When I was, say beginning out as a body worker, all the teachers teach about the modality and obviously they’re teaching how great it is and how it’s the solution, but far more important to that is the solution of the fit, like you fitting to this other person. So in that part of the journey, it’s been a journey of like, oh, what am I like and how do I fit to other people? That do I like to work with? Interestingly, that’s had spillover effects in every way that I act with people even when they ask me about my business.

I used to be like, I’d share tons, like, “Oh, I do this, this, this.” I’d tell them, I’d ask them about their problem. I’d get all invested in it and interested. Then if they didn’t come to my business, I’d be disappointed. But because now that there’s a filter and all this other, I don’t treat, I never interact that way anymore. It’s like, if they’re interested, they can ask me, otherwise I’ve moved on to talking about something else. They got to prove it to me that they’re good enough to work.

[JOANNA]

So this is part of the sales process. It’s part of the predictable sales system. Let me just go backwards a little bit and say, you really, you’re speaking to when you’re talking about how that practitioner client fit, how important that is, you’re speaking to other people listening. I hope you all hear this. You’re also highlighting, I believe it’s episode eight, which is the magic tool to differentiate your services from others. Go back and listen to that if you haven’t already, where I talk about exactly this, what you bring is way more than just the modalities and just the training and background you have. What you bring is informed by all of you, your life experiences. It’s unique and you need a way. The way I teach people to do that is with a visual framework, but you need a way to be able to explain that.

And you’re speaking, Julian to then that filtering process.
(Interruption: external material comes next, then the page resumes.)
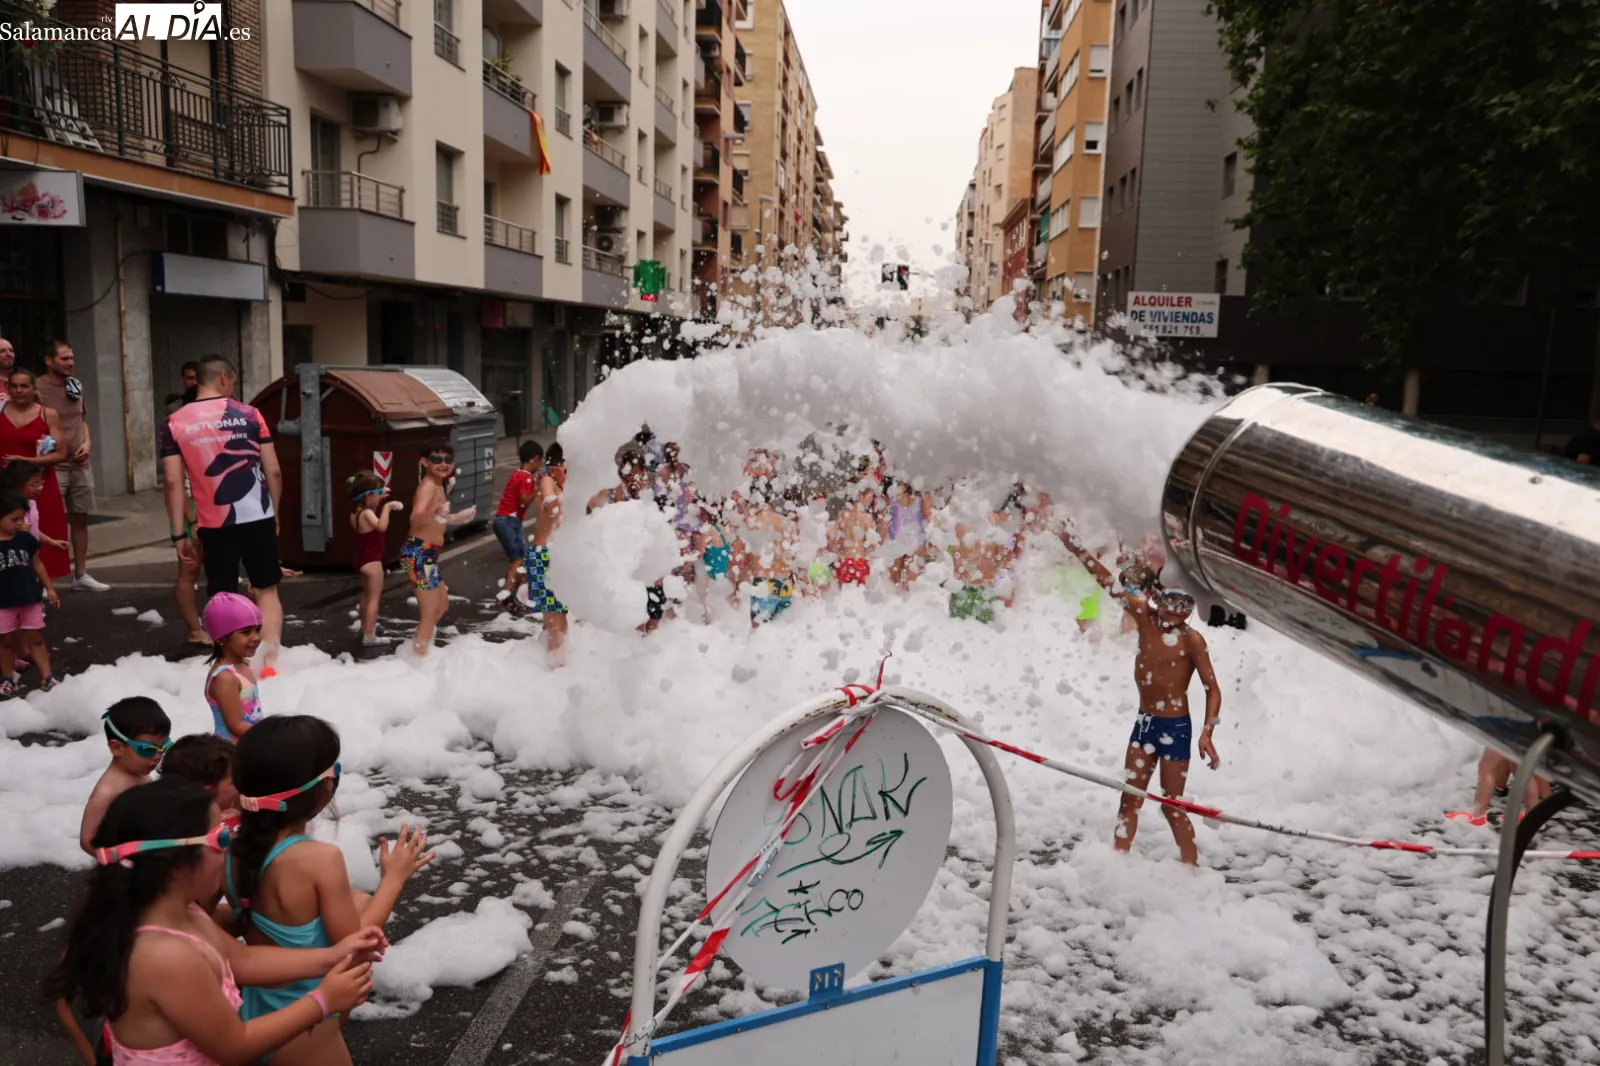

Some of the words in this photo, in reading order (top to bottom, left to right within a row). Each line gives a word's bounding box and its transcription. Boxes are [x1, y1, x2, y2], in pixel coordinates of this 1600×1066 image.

So then just to clarify for folks previously, you were on that session by session traditional people pay as they go, people pay as they go and don’t necessarily come back. So what is it like to have, so now you enroll people in the actual treatment plan that they need. I tend to call these programs, but in your case, it fits really well to call it a treatment plan. But for anybody listening, this is the same thing as a program when I talk about a program. What is that like for you as a practitioner to be working with people in that way?

[JULIAN]

It seems like a subtle, it seems like such a simple change, like you either session by session or selling them a plan of what they need, but it’s like, it has definitely been the biggest single change to my business I think that I’ve ever had and profoundly made the results better, which I didn’t expect at all. The reason is this, like, let’s say you’re selling each session individually. You perform the session, in a sense, they pay you for the session and then you book for the next week. Then at any point they can stop. They can cancel, they can lose faith in the process. So each session you have to bring your performance, your performative.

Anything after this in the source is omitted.